When aerobic dancing took off in the 1970s, it marked the first time many women had really moved in their adult lives. Growing up in the post-World War II era of rigid gender roles, many of these women had internalized the widespread beliefs that vigorous exercise would, as the running pioneer Kathrine Switzer recalled being told, turn them into a man — that is, they would grow hair in unwanted places or develop bulky muscles (God forbid). Doctors cautioned that exercise might even make their uterus “fall out,” as women recalled being told in interviews for my forthcoming book, “Let’s Get Physical: How Women Discovered Exercise and Reshaped the World.”

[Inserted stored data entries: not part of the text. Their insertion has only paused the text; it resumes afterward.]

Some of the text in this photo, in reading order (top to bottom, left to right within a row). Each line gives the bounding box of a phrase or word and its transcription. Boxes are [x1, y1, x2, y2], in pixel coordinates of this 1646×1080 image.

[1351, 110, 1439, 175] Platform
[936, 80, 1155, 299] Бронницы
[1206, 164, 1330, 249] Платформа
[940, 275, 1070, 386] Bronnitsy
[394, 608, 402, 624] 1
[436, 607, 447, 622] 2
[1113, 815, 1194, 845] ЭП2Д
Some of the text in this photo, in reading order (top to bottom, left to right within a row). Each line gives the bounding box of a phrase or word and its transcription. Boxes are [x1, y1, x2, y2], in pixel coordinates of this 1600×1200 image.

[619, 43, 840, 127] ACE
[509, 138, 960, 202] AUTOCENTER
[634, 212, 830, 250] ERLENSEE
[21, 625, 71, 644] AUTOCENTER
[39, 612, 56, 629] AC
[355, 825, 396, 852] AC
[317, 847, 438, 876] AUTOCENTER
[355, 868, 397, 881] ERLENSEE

Patriarchal myths like these reinforced the idea that women were the weaker sex. Men enjoyed a lifetime of practicing how to use and trust their bodies — from childhood sports to military service to physically demanding careers and heavy lifting at home. Women did not. This led to a kind of self-fulfilling prophecy, ensuring women were physically inferior to men.
But a confluence of social shifts changed public opinion. The women’s movement encouraged my mother and others to cultivate literal and figurative strength. And the dawning realization that exercise was healthy for women, too, was soon backed up by science, when in 1968 Dr. Kenneth Cooper published the book “Aerobics,” which presented research suggesting both men and women should condition their heart and lungs.

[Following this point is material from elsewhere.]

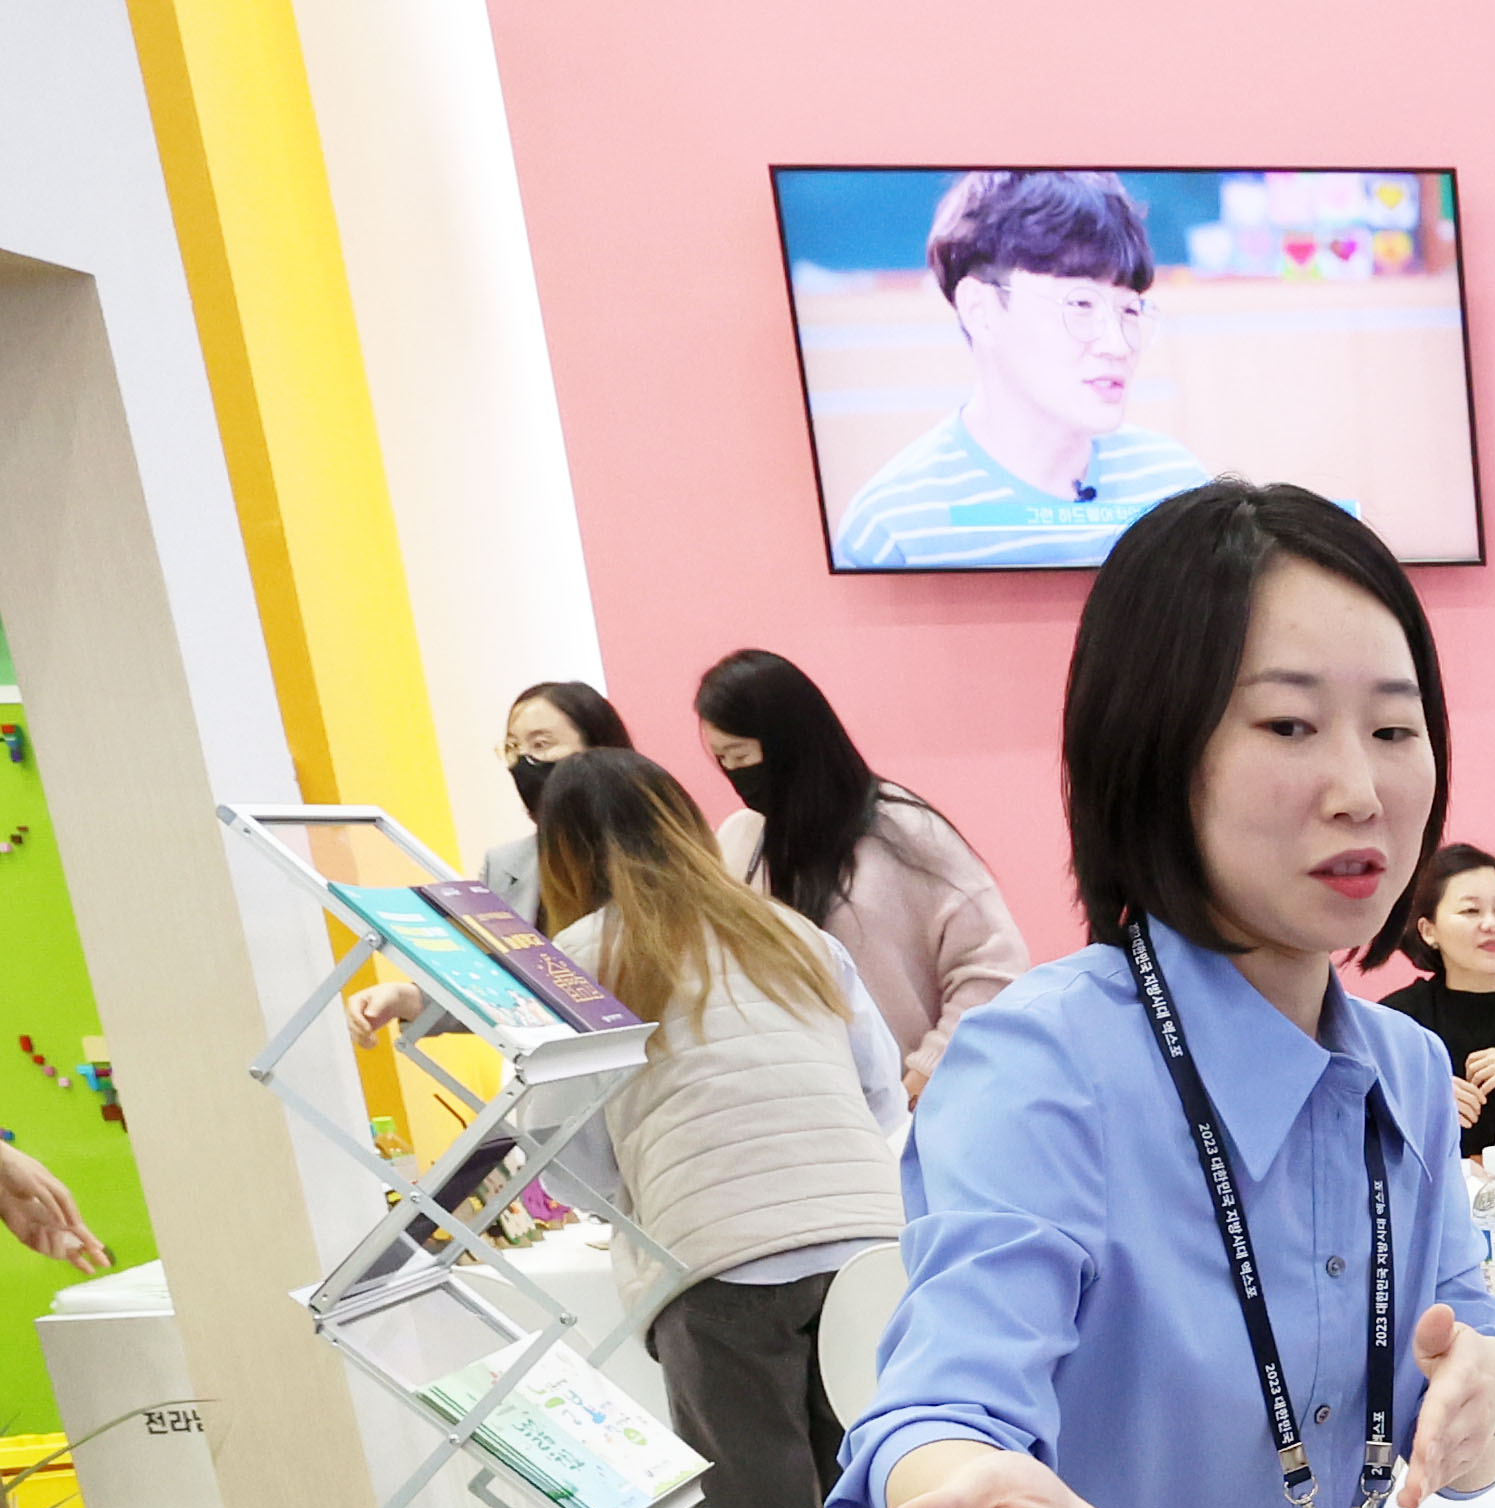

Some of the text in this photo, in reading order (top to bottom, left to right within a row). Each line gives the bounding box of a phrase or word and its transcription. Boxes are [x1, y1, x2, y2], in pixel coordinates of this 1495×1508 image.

Aerobic dancing boogied onto the cultural landscape at this exact moment, as a handful of charismatic fitness trailblazers across the country built mini-empires by offering high-energy dance classes for nondancers — and women discovered that the classes made them feel great. “When that music came on, man, it was like the floodgates were opened,” the aerobics pioneer Debbie Rosas told me. “All that pent-up power and desire to express oneself and be heard and be seen.”
By the early 1980s, aerobic dancing — by then referred to as simply “aerobics” — had changed the rhythm of many women’s days. It changed the way women like my mom saw themselves, and the way their families saw them. It’s hard today to conceive of how groundbreaking it felt for women to participate in a group physical activity outside of high school and college sports.

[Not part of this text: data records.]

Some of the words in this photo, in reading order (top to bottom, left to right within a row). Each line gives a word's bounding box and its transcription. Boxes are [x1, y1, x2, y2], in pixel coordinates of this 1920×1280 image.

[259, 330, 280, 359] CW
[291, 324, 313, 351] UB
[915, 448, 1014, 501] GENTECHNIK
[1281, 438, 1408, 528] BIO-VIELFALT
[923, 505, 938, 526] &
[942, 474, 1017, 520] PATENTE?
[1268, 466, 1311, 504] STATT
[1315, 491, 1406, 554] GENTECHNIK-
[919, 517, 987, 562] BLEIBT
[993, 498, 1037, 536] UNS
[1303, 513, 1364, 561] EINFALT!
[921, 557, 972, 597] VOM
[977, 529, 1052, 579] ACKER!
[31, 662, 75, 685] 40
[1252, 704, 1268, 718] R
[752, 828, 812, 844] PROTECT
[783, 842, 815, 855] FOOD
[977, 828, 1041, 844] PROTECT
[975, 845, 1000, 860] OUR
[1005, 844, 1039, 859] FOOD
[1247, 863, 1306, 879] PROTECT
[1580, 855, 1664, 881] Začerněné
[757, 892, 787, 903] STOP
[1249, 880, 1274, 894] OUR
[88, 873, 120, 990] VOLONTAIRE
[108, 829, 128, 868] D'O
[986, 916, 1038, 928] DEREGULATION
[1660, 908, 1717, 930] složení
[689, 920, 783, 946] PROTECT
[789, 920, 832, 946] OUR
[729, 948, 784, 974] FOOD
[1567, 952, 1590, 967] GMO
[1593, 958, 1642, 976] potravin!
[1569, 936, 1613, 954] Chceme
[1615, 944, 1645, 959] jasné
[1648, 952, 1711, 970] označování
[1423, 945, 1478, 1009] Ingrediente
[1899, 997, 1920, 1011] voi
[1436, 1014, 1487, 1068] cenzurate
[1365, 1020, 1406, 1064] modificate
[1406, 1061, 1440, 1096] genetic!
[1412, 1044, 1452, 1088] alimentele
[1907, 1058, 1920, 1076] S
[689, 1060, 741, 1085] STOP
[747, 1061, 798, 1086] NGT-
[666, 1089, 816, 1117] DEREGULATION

Of course, early aerobics studios did not empower every woman who walked through their doors. Aerobics, like other fitness movements, idolized smaller bodies over bigger ones. Many women flocked to classes because they wanted to look like dancers — long and lean and free from dreaded flab. (“Physical,” the TV show, nods at this part of aerobics’ history, too: The protagonist was loosely inspired by Jane Fonda and the show’s creator, Annie Weisman, both of whom have discussed the pressures they felt to be thin.)
Yes, the language of aerobics also urged self-esteem — but if body-transformation and body-acceptance were at battle within the movement, there was eventually a clear winner: Women found that aerobics did transform the way they looked, and fitness entrepreneurs knew the promise of beauty was more marketable than self-love. As Debbie Rosas puts it, “There was no value in feeling good.”